Compared to benefit managers, C-suite executives are more strongly anticipating the increase of changes that shift the cost burden. Both C-suite executives and benefit managers cite the top four changes expected in the next five years as [mportance of wellness offerings, coverage of family members, employee attraction due to benefit offerings, and employee retention due to benefit offerings. From spousal coverage to wellness programs, employers are reviewing and updating a wide array of benefits to attract and retain the best talent, improve employee productivity, and boost morale.

Ninety-two percent of C-suite executives and 80% of benefit managers say their company has been effective in improving morale through benefits. Most decision-making falls within the company’s executive committee. However, nearly 60% of benefit managers say that staff is involved in managing strategies and benefits.

C-suite and benefit managers agree that employee benefits have the biggest effect on improving employee loyalty and engagement, and lowering medical costs for the employer and employees. This is followed by reduced absenteeism, reduced cost of temporary or fill-in workers, and reduced presenteeism. Four in five employers say it’s important to measure the effect of these benefits on improving employee health.
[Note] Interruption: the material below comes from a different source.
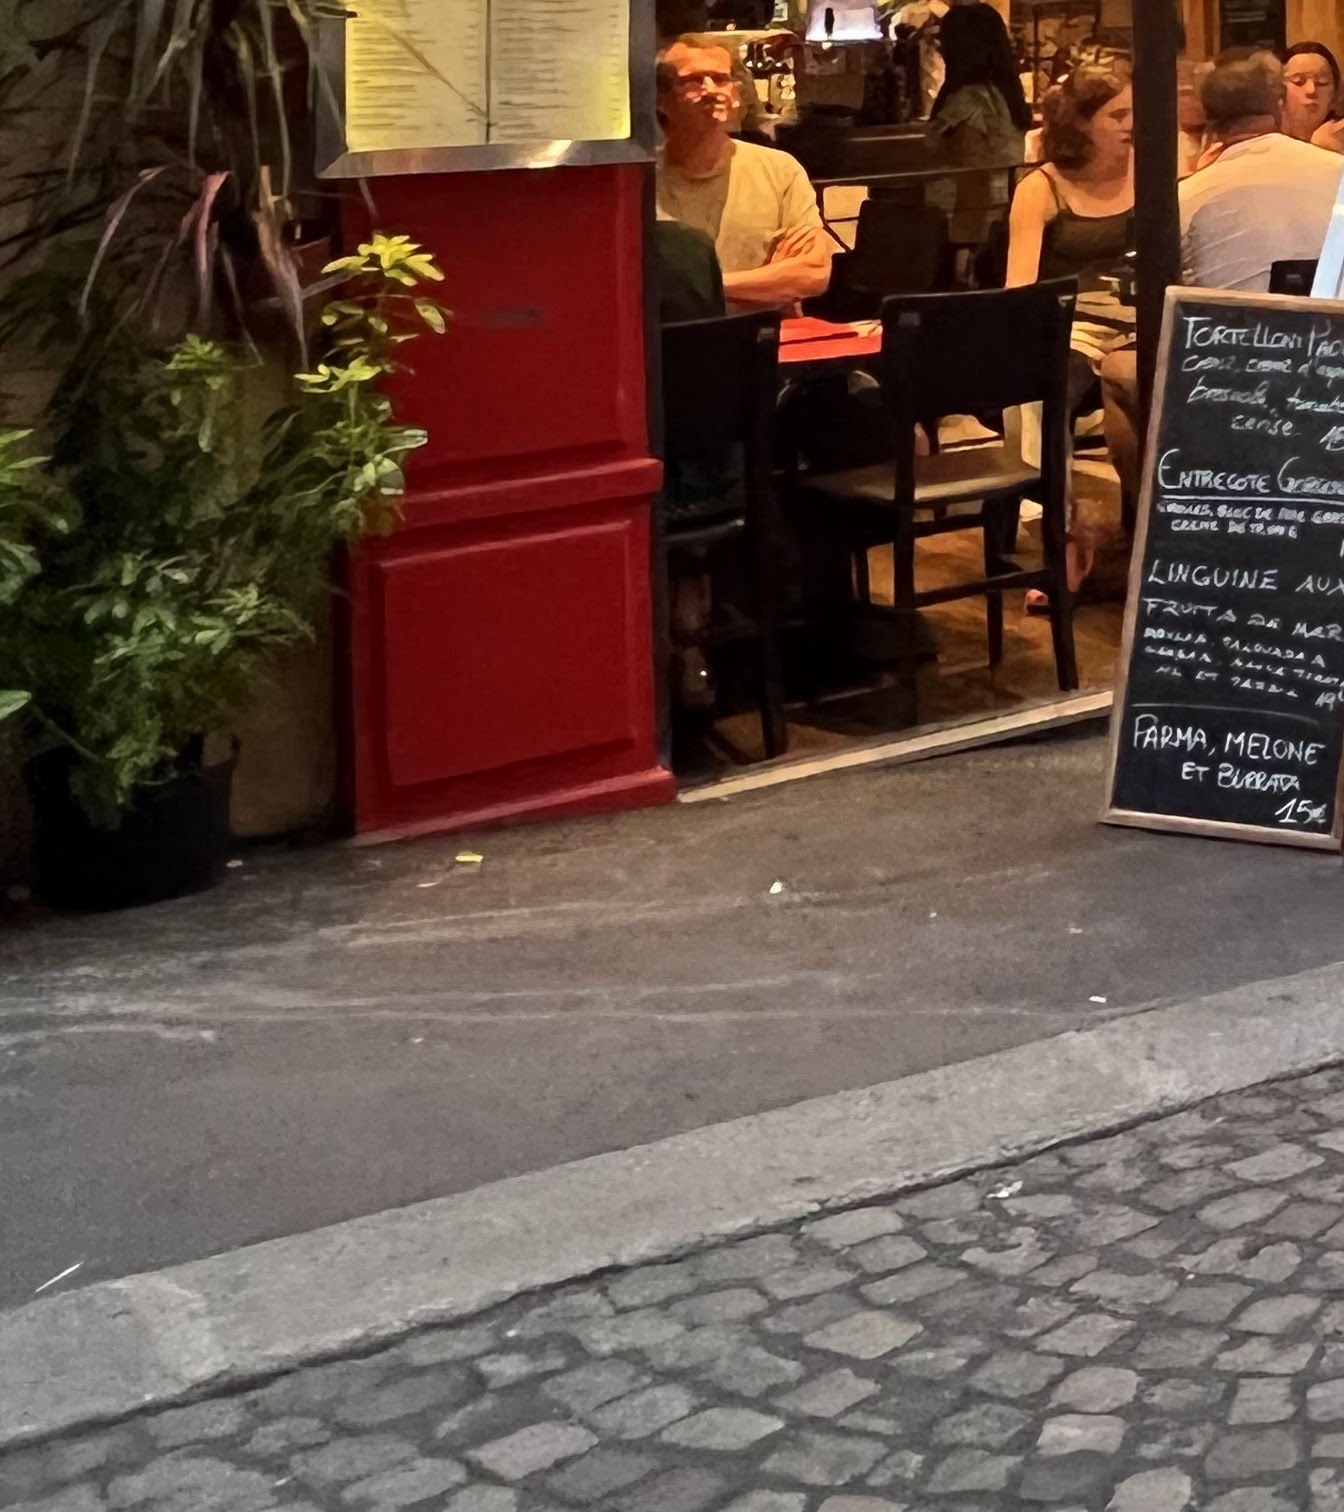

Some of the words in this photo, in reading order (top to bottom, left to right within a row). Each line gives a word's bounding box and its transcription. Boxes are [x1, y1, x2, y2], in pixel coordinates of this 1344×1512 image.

However, their confidence in measuring the effectiveness of these benefits is lower.

C-suite executives and benefit managers agree that the top goals for employee benefits over the short-term (12-18 months) are maintaining employee productivity and managing costs. However, benefit managers are more focused on maintaining the current level of benefits than are the C suite executives, which is most likely because they the ones fielding employee questions and complaints. With the economy improving and the quantity of job seekers expected to increase, benefit managers say that maintaining benefits will help them attract the right talent and retain high performers.

For the long-term (next five years), maintaining employee productivity and managing costs remain among the top three goals. However, both C-suite executives and benefit managers say that managing costs is number one. This comes as no surprise with the ACA’s excise tax looming in 2018.

Seven in 10 companies are increasing the percentage that employees contribute to premiums for spouses or have already done so. Six in 10 have changed or are changing the options for type of plan and increased the co-insurance feature. Less than six in 10 benefit managers said employees had reacted positively to benefit changes, compared to nearly seven in 10 C-suite executives. Employers can increase employee acceptance by partnering with benefit providers to communicate changes to employees.